Unhinged Original Versions of Popular Soft Drinks
When you think about it, it’s weird enough that the default soft drink of modern society is just sugar water with optional bubbles, but the origins of these drinks are even more unsettling. Of course, everyone knows that there was a time when everybody was all hopped up on the cocaine in Coca-Cola, but people rarely mention that…
Fanta Was Nazi Coke
The go-to beverage for strutting on the beach in colorful club wear and singing jingles was born from trade embargos on Nazi Germany. Unable to produce Coke without supplies from the U.S., Coca-Cola Germany created Fanta, which wasn’t fruit-flavored until it was relaunched in 1955. Back in the ‘40s, it was made from industrial byproducts due to wartime rationing, specifically apple shavings, whey and beet sugar. Fanta saved Coca-Cola Germany, but mostly because people cooked with it as a sugar substitute. Few people drank it straight, as the carbonated apple milk tasted exactly like Nazi Germany.
Crush Had Pulp In It
Today’s orange soda bears little resemblance to anything not grown in a lab, and honestly, you’d probably be a little freaked out if it did. Like, who wants chunks of fruit in their Crush? Early 20th-century consumers, apparently. The drink’s original formulation included pulp to give ”the impression that each sip was akin to savoring a freshly squeezed orange.” Note that there were no such things in the recipe — they had to crush a bunch of oranges and then intentionally add only the grossest parts. They did away with the pulp in 1930, when the public embraced its desire for the most artificial flavors imaginable.

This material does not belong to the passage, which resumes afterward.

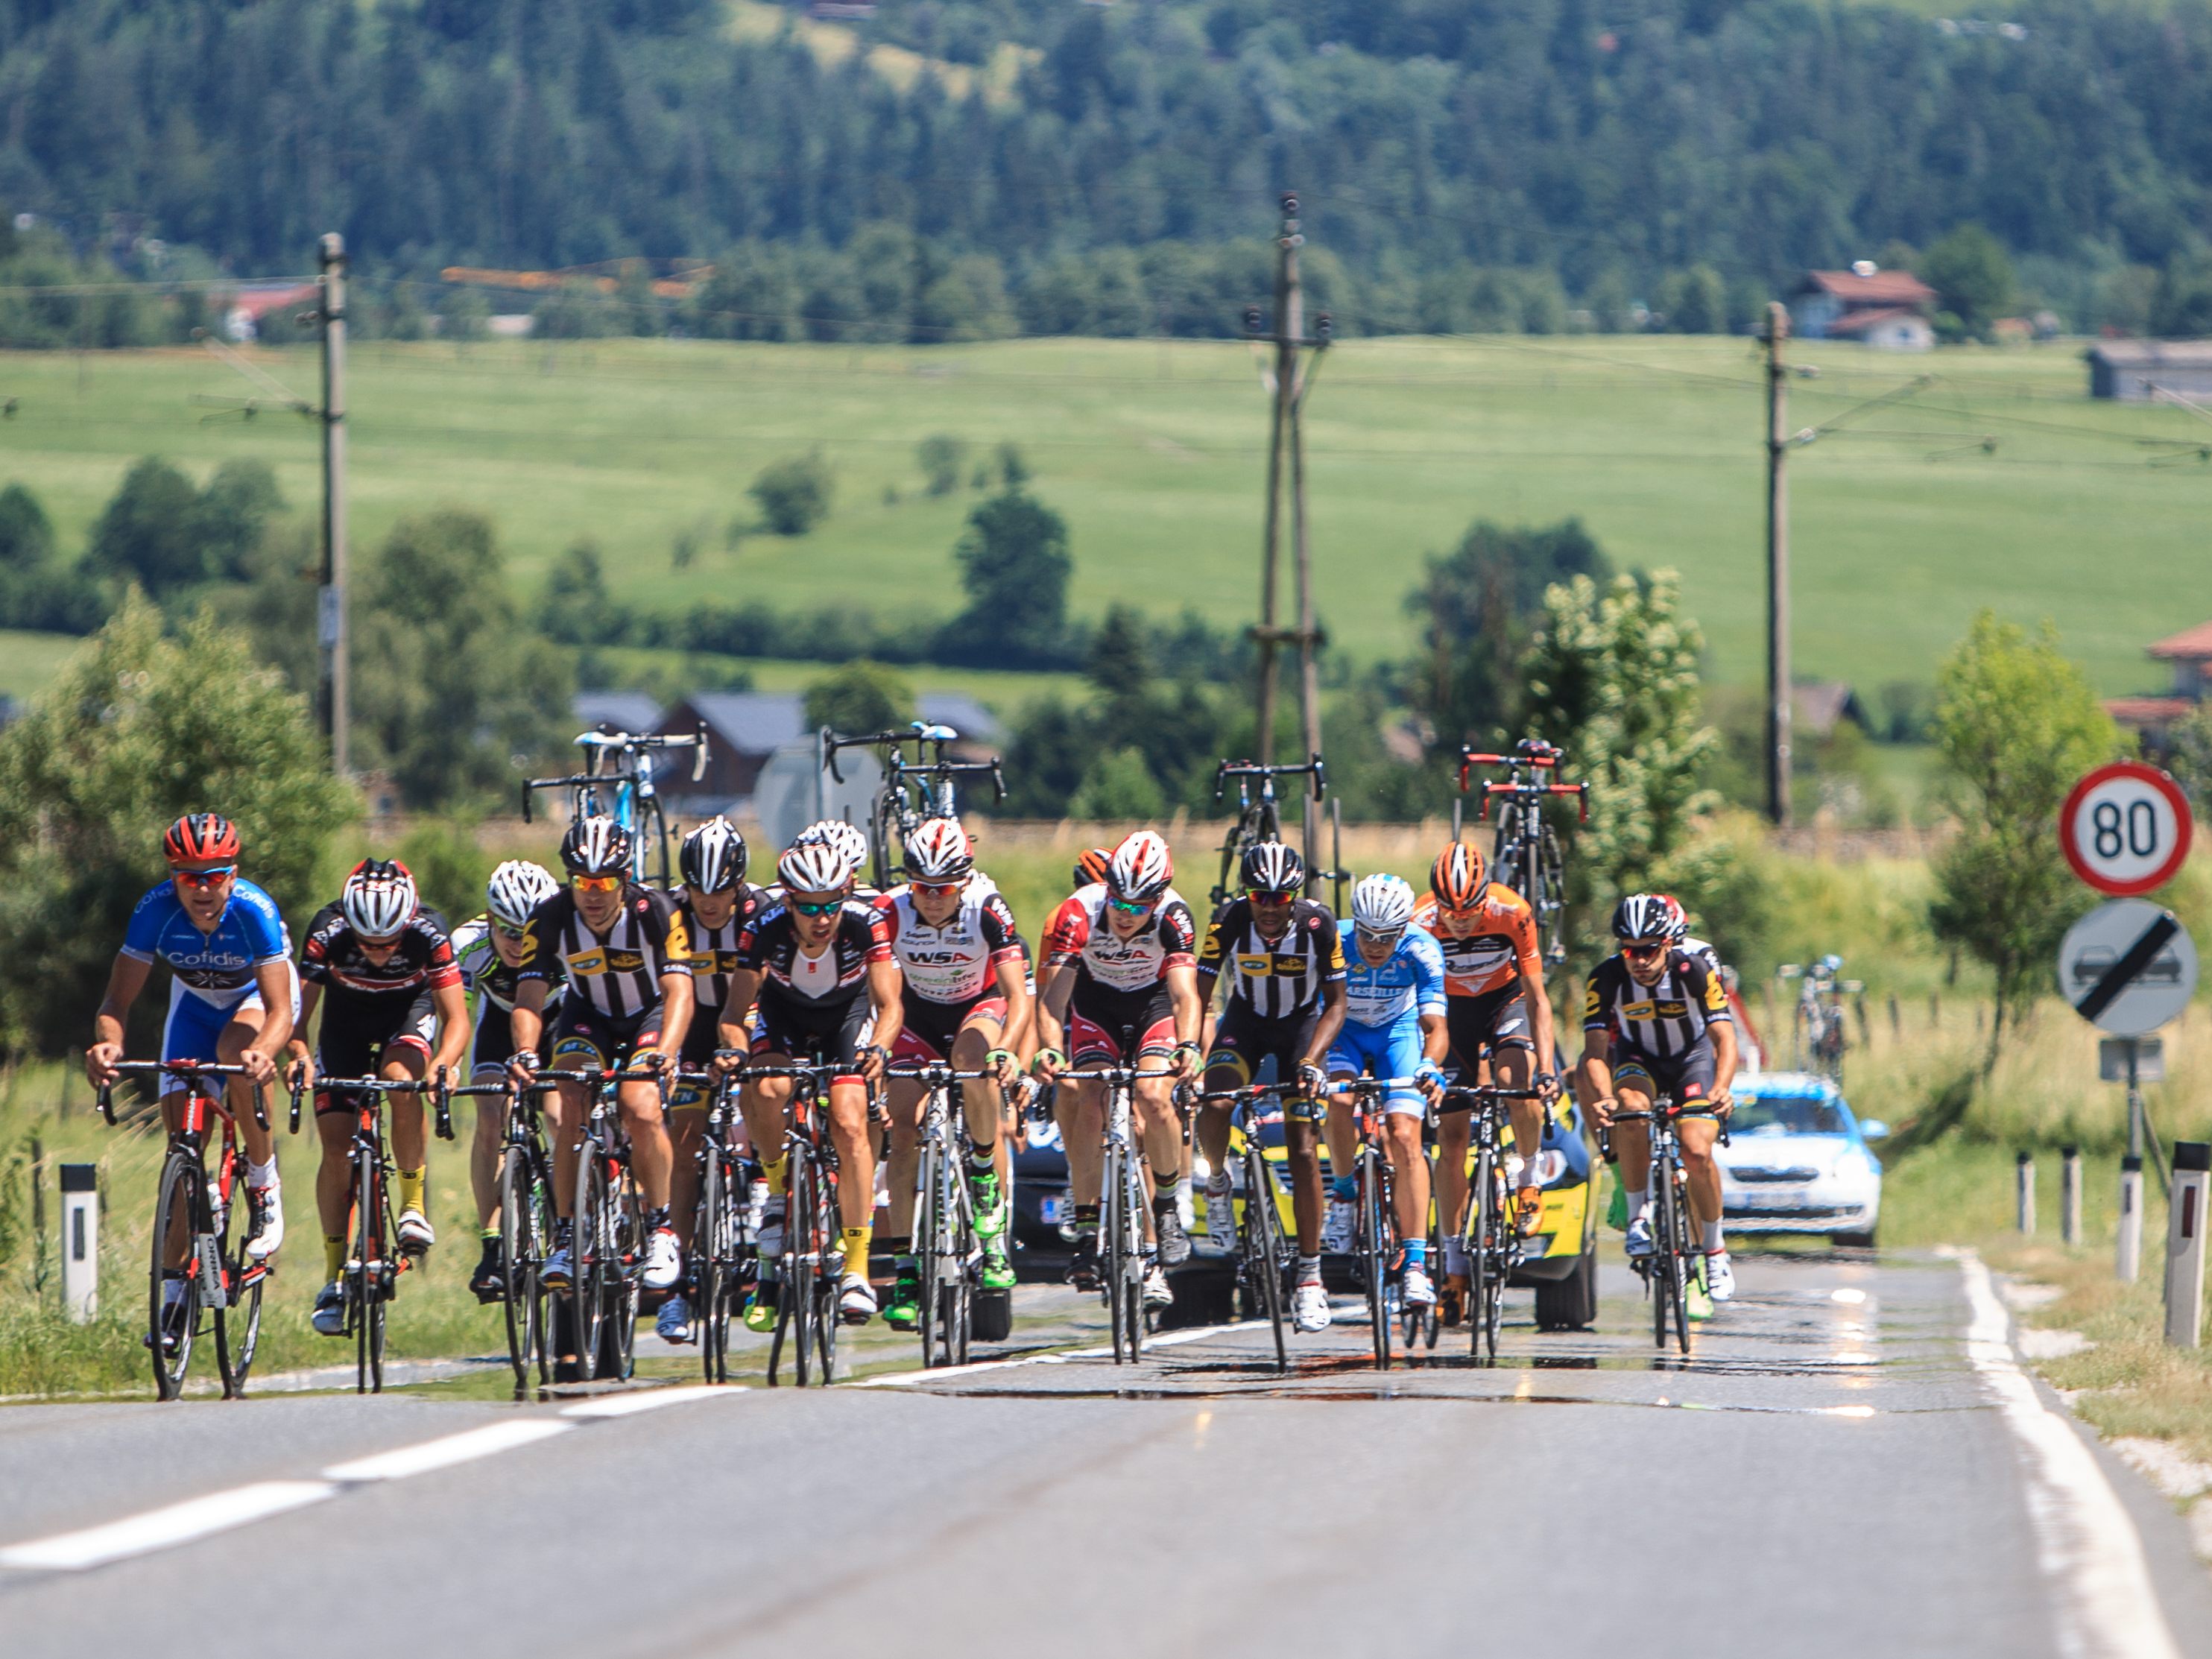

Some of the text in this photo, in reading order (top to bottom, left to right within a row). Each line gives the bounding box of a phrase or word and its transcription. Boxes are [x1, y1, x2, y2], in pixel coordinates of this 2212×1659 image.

Hawaiian Punch Was an Ice-Cream Topping
We all know when we drink soft drinks, we’re just drinking syrup and water, but we try not to think about it. The innovators of Hawaiian Punch had no such hang-ups, though. The drink was originally an ice-cream topping made by Pacific Citrus Products until customers started mixing it with water and drinking it. That was like going down to Cold Stone, getting a little cup of caramel and slugging it back with a La Croix. Unhinged behavior.
Pepsi’s Name Has Never Made Sense
You probably thought the name “Pepsi” had something to do with the “pep” the caffeine gives you, but it actually comes from the Greek word for “digestion,” which is something the drink was supposed to help with but, as anyone who’s ever chugged one knows, largely does the opposite. It could be weirder: It was originally known as Brad’s Drink, despite its creator not being named Brad. His name was Caleb Bradham, but for some reason, he apparently decided against Caleb’s Drink. We don’t know. You figure it out.
7 Up Was a Mood Stabilizer
When it was introduced in 1929, 7 Up was known as Bib-Label Lithiated Lemon-Lime Soda because it contained lithium, a mood stabilizer often prescribed to treat bipolar disorder (and, of course, because it was lemon-lime flavored). Sodas were thought of as medicine back then (see Pepsi’s misguided digestive ambitions and, yes, cocaine, which was also thought of as medicine because it was just a cooler time), so this wasn’t at all unusual. The drink’s name and formula were only changed in 1948 when the FDA outlawed the use of lithium in soda because they are famously no fun.